In our previous example, we saw that the Python standard library makes it easy to download the contents of a web page. Given a URL, which specifies the location of the page you want to download, the urllib.request.urlopen() function hides nearly all of the details of the conversation between your Python program and the web server that will send the page back to it. You do have to know what HTTP is, and you do have to understand a few details of how it works (e.g., status codes, URLs, and perhaps headers), but you don't have the implement the HTTP protocol from scratch, you don't have to know the precise format of an HTTP request or response, and the function more or less "just works," as long as the page is available, your Internet connection is active, and you open the right URL.

However, writing a program to download a web page — the same page you might see if you visited a particular URL in a web browser — often isn't the right choice. A web page is suitable for display to a human user within a browser, but isn't necessarily a suitable result for a program to download. For example, you can visit YouTube and search for whatever you'd like — say, lakers clippers, if you like basketball — and you'll get back a result like this one:

But if you wanted to write a Python program that was capable of obtaining just the titles of the videos on that page, you'd have a surprisingly difficult time doing it. The problem is that the web page isn't what it first seems. Its structure looks simple and straightforward when displayed in a browser, but it's actually surprisingly complex. If you've never looked at the source code of a web page before, visit the YouTube link above, then right-click in an empty area of the page and select something like View Page Source — it'll be slightly different depending on what browser you use, but will likely be available in any browser running on a laptop or desktop machine, though perhaps not on a smartphone or other small-sized device. What you'll see is a combination of HTML, JavaScript, CSS, and other code used to make the page look the way it does. When your Python program downloads that page, this source code is what your program will get back; finding the important parts — this is sometimes called web scraping — is a challenge, one made worse by the fact that YouTube will make changes to its pages periodically that will render your scraping algorithm incompatible, and you'll be back to square one again.

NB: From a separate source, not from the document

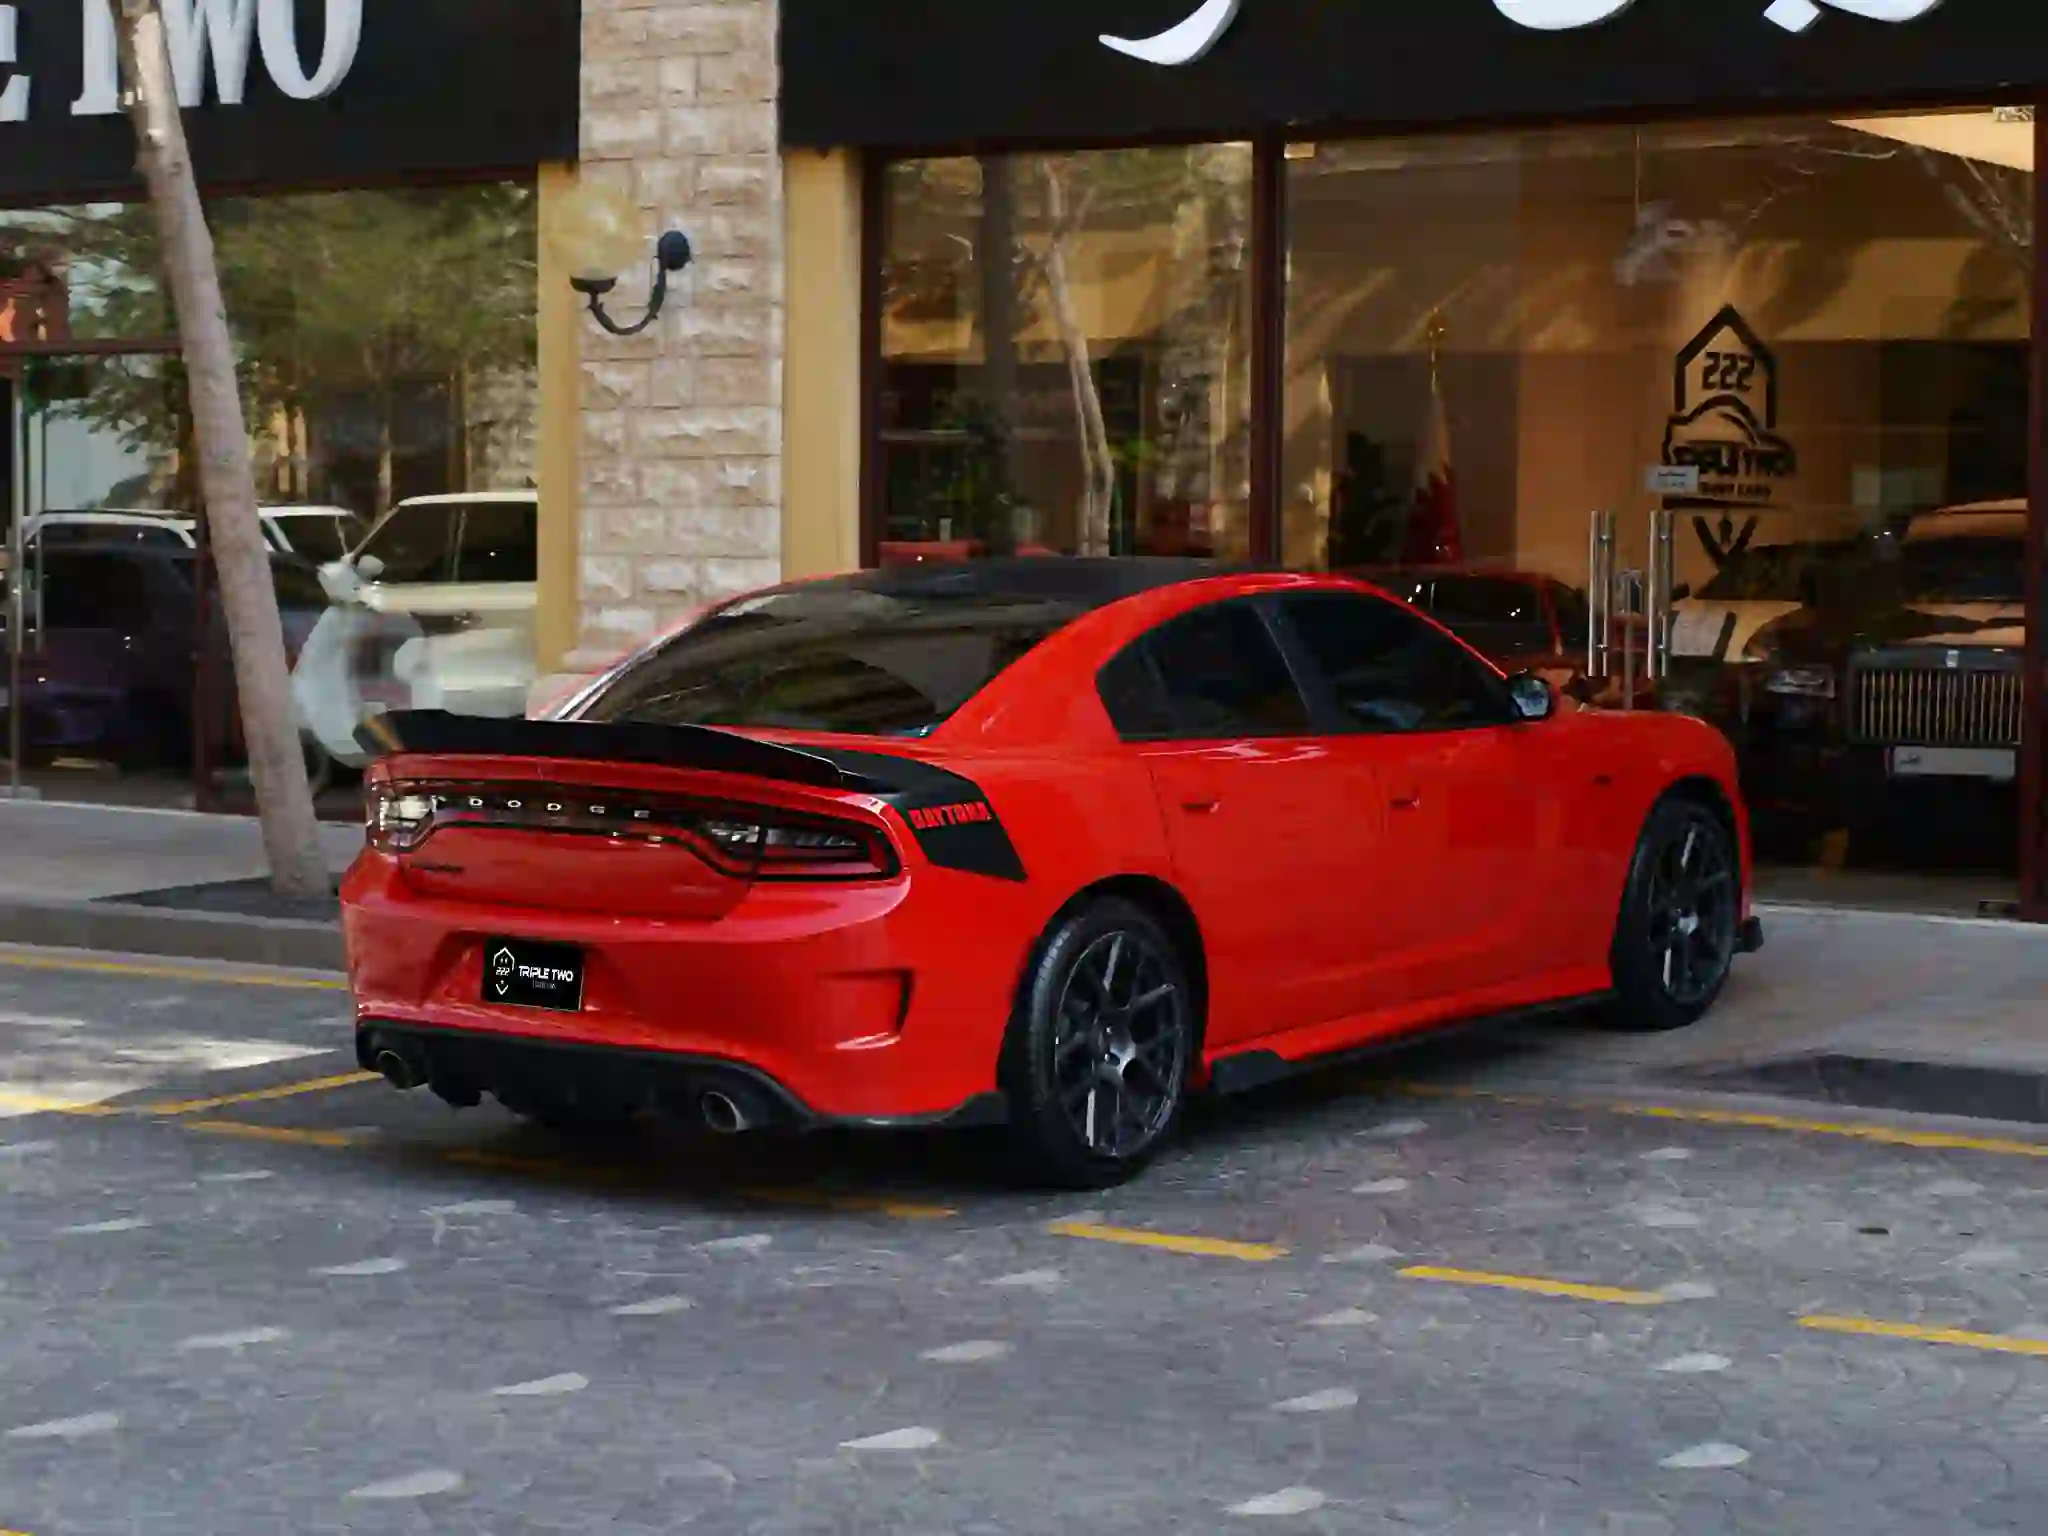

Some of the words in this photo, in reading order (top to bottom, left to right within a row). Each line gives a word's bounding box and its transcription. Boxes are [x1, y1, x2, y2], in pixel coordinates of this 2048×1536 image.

[1703, 351, 1755, 392] 222
[469, 797, 649, 818] DODGE
[519, 966, 549, 979] TRIPLE
[552, 969, 573, 981] TWO

Using web APIs instead of web pages

Fortunately, some sites provide an alternative interface, one that's intended to be used by programs instead of people. These are sometimes called APIs (application programming interfaces), because their goal is to provide an interface that application programs can use to access them. (Note that the term "API" is actually a pretty open-ended one, used not only to describe interfaces to web sites, but also any other kind of software library; here, though, when I say "API," I'm referring to a web API.)

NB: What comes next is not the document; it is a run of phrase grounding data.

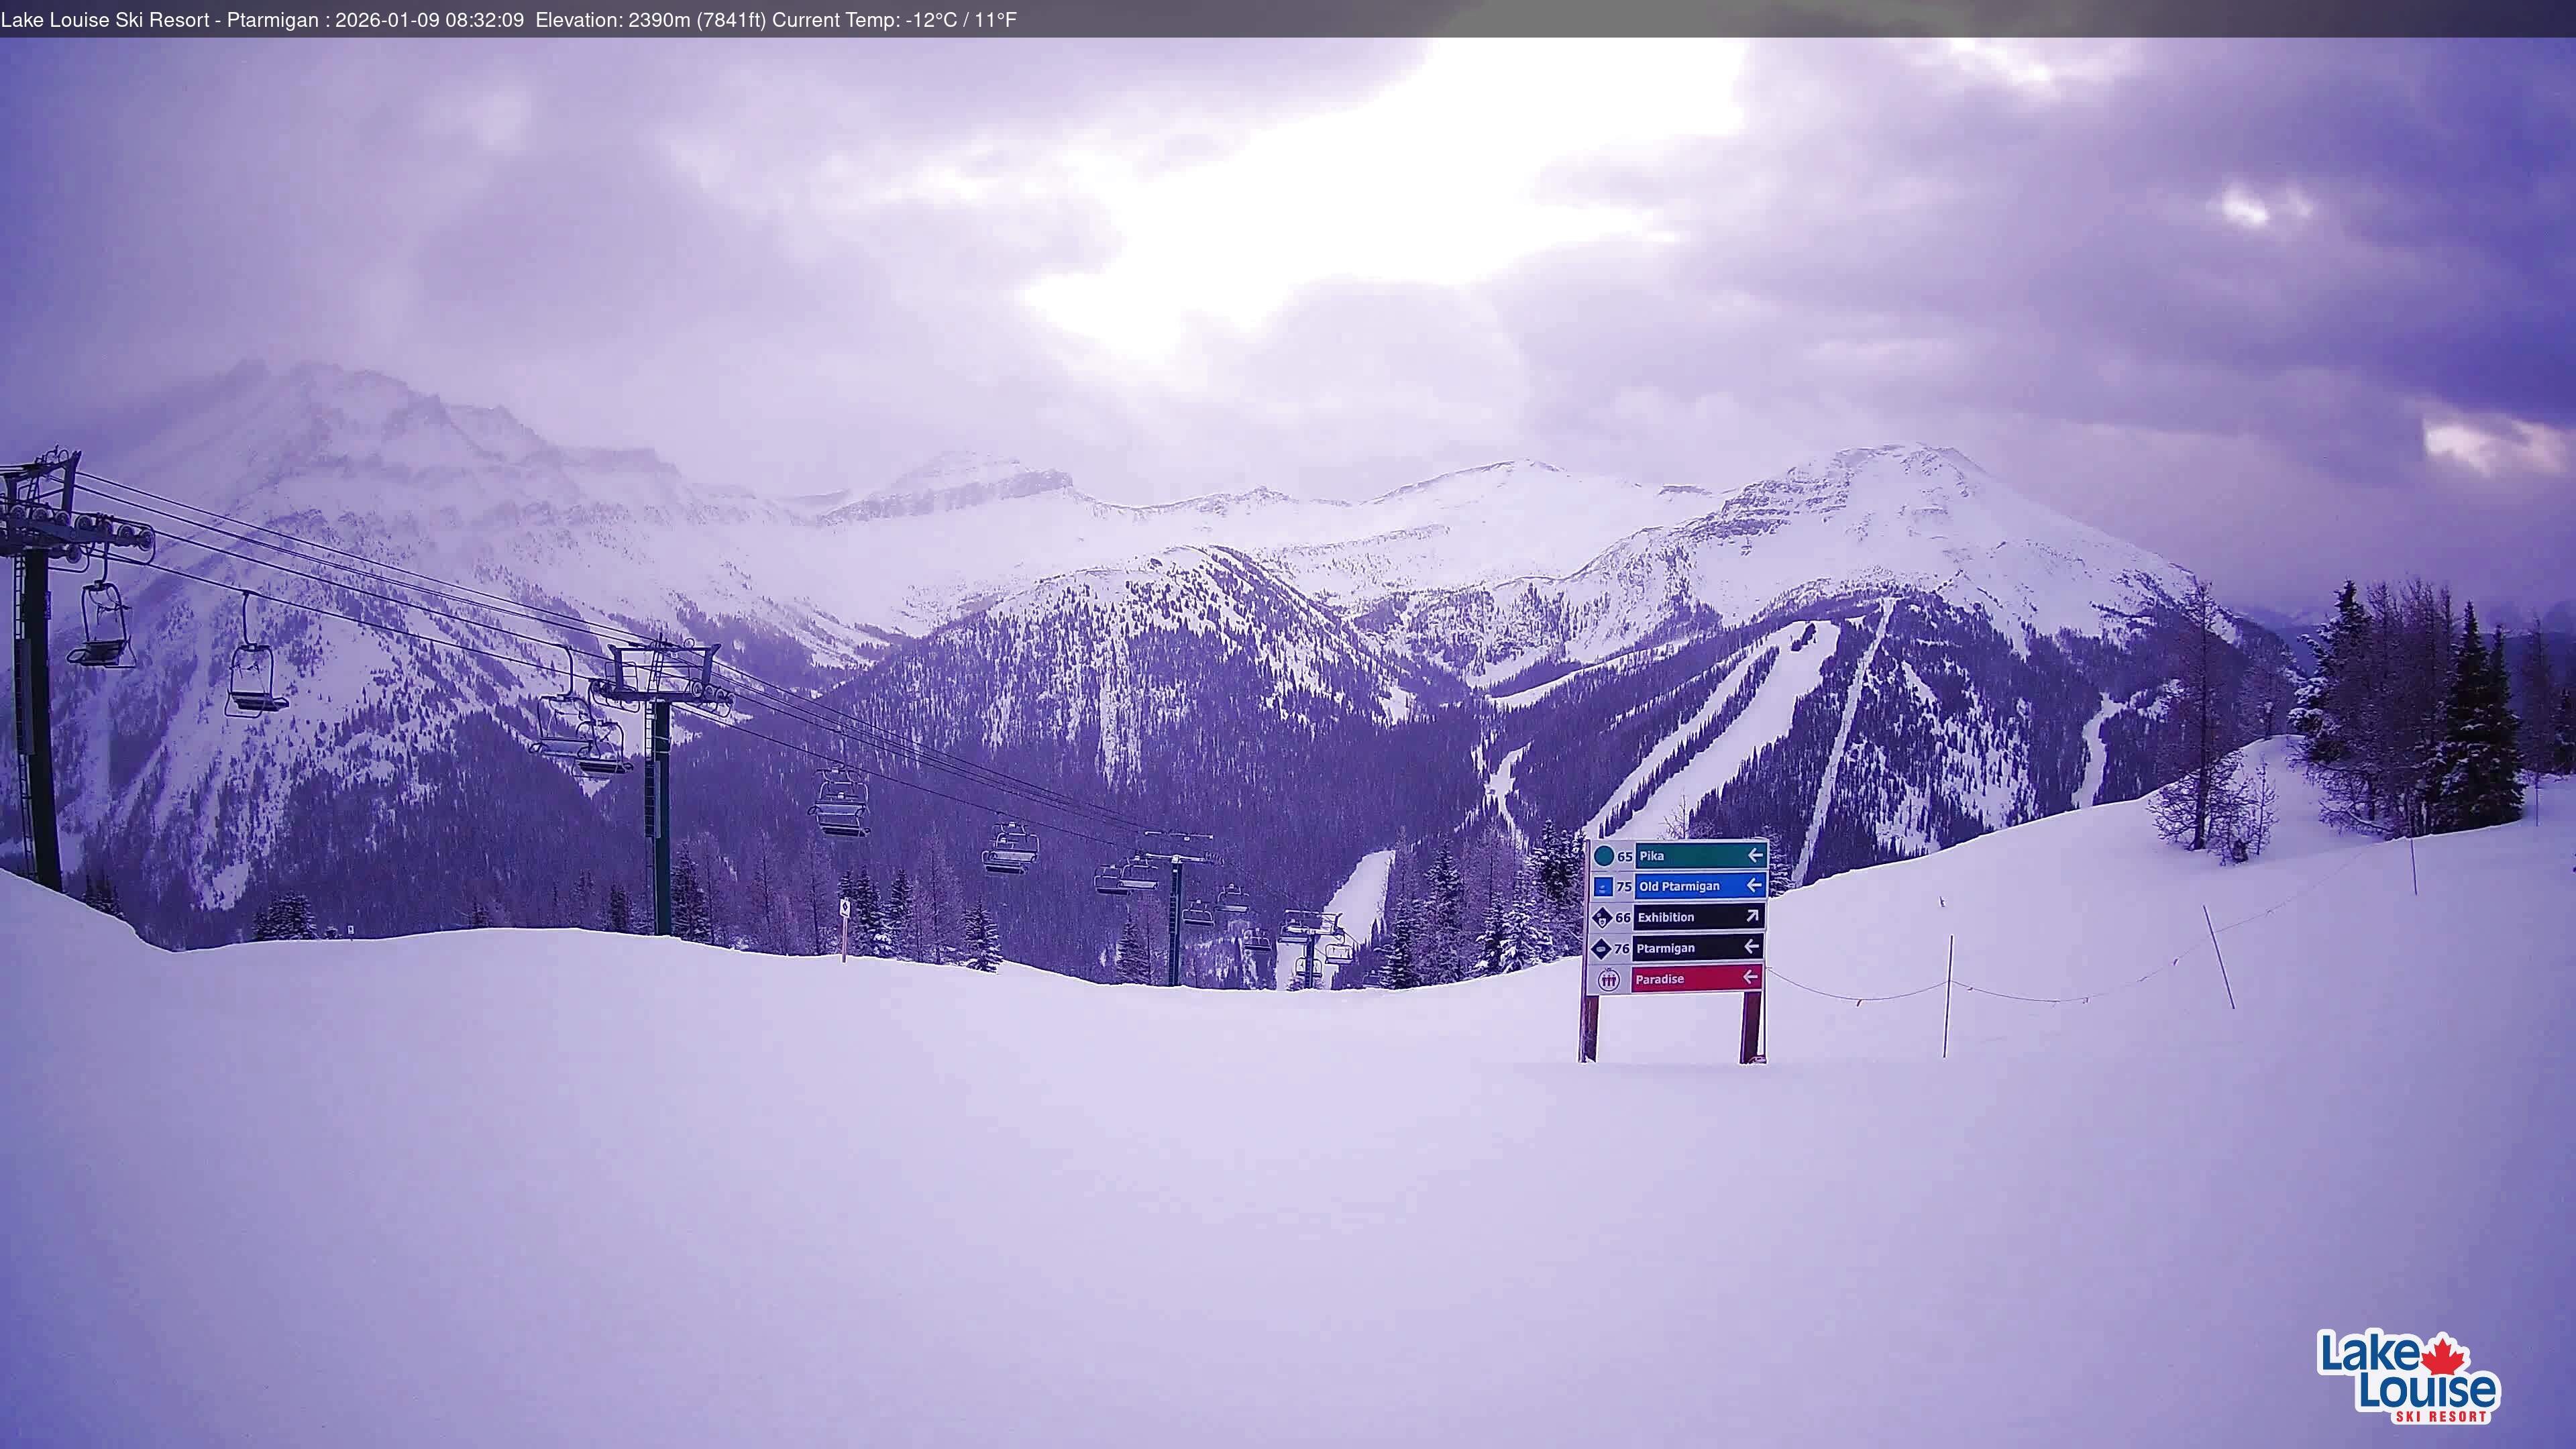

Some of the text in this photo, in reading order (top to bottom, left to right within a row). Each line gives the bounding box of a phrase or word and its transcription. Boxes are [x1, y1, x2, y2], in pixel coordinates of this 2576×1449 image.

[1617, 850, 1665, 862] 65 Pika
[1617, 880, 1721, 893] 75 Old Ptarmigan
[1615, 912, 1695, 923] 66 Exhibition
[1614, 943, 1695, 955] 76 Ptarmigan
[1635, 973, 1684, 985] Paradise

YouTube is owned by the tech giant Google. In addition to providing YouTube as a web site that you can visit normally in a browser, Google also provides a set of APIs that can be used to access information about YouTube videos, channels, playlists, and users; to upload new videos to your YouTube account; to view an analysis of things like advertisement sales on your own videos; and so on. Some of what's provided requires payment, while other parts are free. While a fair amount of what they provide is only available if you authenticate (i.e., you've gone through a procedure to log into the API using your Google account, which is beyond the scope of what we're doing here), some of the more innocuous functionality — such as finding videos that match a search query, where the security concerns are lighter — is available to anyone, subject only to reasonable usage limits (i.e., how many times per day you can run a query).

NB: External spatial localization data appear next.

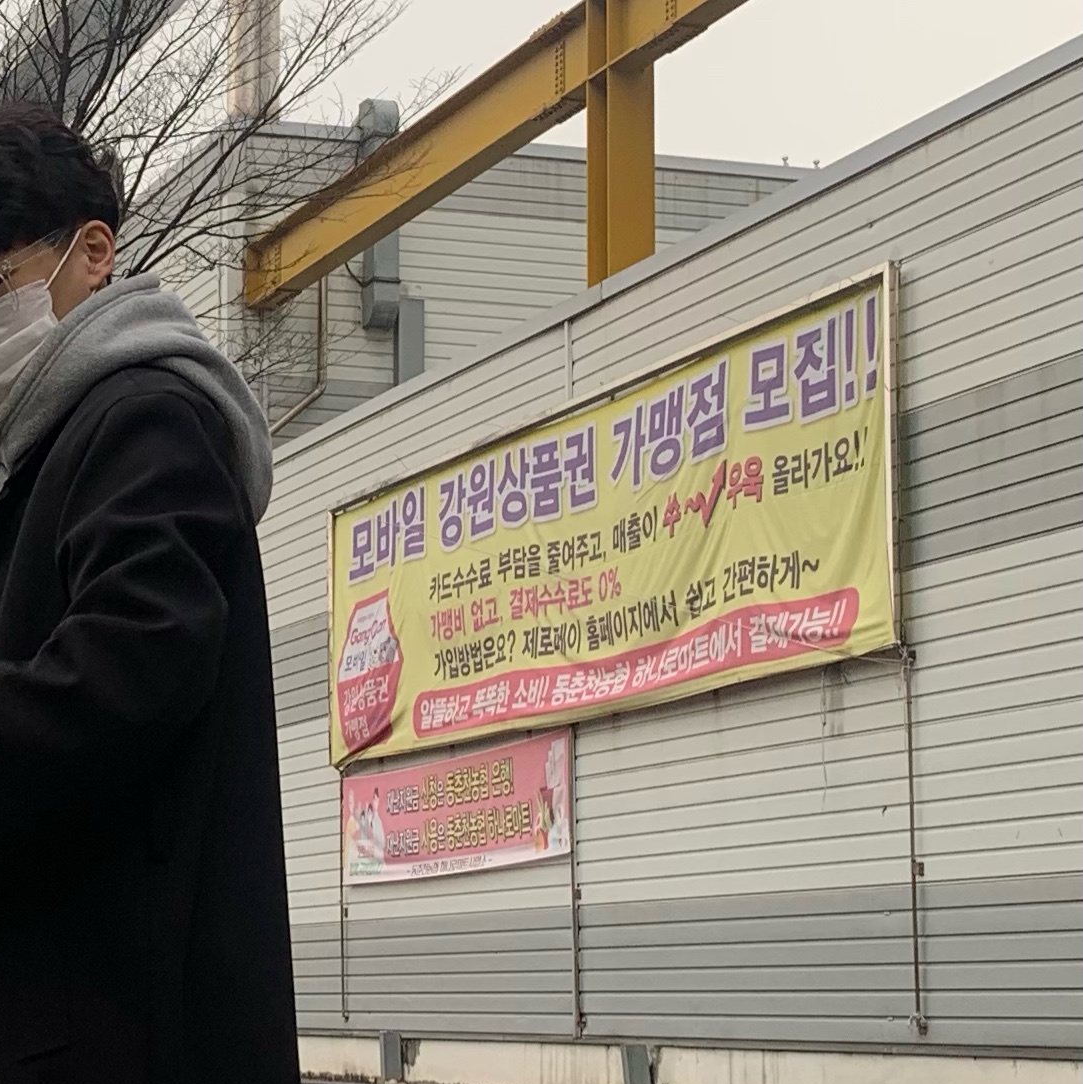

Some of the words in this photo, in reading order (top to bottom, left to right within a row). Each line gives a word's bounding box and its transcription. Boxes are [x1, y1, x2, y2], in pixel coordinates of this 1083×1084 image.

[348, 486, 425, 582] 모바일
[438, 425, 596, 548] 강원상품권
[610, 360, 729, 487] 가맹점
[744, 295, 878, 427] 모집!!
[428, 557, 493, 604] 카드수수료
[497, 543, 541, 583] 부담을
[547, 530, 607, 575] 줄여주고,
[612, 505, 659, 554] 매출이
[429, 602, 467, 643] 가맹비
[470, 596, 504, 632] 없고,
[509, 575, 593, 621] 결제수수료도
[598, 566, 622, 598] 0%
[433, 629, 517, 681] 가입방법은요?
[521, 619, 582, 660] 제로페이
[585, 589, 680, 652] 홈페이지에서
[722, 550, 820, 604] 간편하게~
[343, 673, 390, 718] 강원상품권
[344, 651, 366, 673] 모바일
[471, 679, 510, 718] 똑똑한
[512, 675, 550, 711] 소비!
[631, 616, 743, 689] 하나로마트에서
[386, 784, 420, 815] 재난지원금
[420, 774, 445, 810] 신청은
[445, 762, 490, 807] 동춘천농협
[386, 826, 420, 858] 재난지원금
[421, 818, 446, 854] 사용은
[446, 808, 488, 850] 동춘천농협

Since our goal here is to display titles and descriptions of videos matching a YouTube search query, we'll need an API called the YouTube Data API. The YouTube Data API is a web API, meaning that a program interacts with it by sending an HTTP request — just like downloading a web page — and gets its answer back as an HTTP response. The URL specifies not only the operation we want to perform (e.g., search), but also the parameters for that operation (e.g., the search query). Meanwhile, the response is formatted in a way that's structured so that it will be easy for a program to parse and understand, in a format that's published (it's part of the API), so you can rest assured that it won't change when YouTube periodically changes the look of their web pages for human users.

Using web APIs effectively requires us to learn a handful of new techniques, though we'll find that most of them (certainly YouTube's) are implemented around standards, in ways that are common among most web APIs. These techniques are so common that Python's standard library provides implementations of all of them, so we don't have to deal with any of the low-level details; we just have to know what parts of the library we need, and we'll be in business. To find what we need in the library, we first have to learn a little bit about the standard techniques that are being used.


Standards for web APIs

While there are certainly differences between web APIs, and there are common techniques that we won't need here, the YouTube Data API uses a few standard techniques that we'll need to be familiar with.

URLs with query parameters

Since the very early days of the World Wide Web, it has been necessary to specify URLs that carry parameters, particularly on web sites whose content is generated dynamically. For many years, there has been a standard for URLs that include these kinds of parameters, which are called query parameters. A hypothetical example of a URL with query parameters follows:

Before the ? character, this looks just like any other URL we've seen previously. The ? is special; it indicates that what follows it will be a sequence of query parameters. Each parameter is specified as a name and a value, with an = separating them; the parameters themselves are separated by & characters.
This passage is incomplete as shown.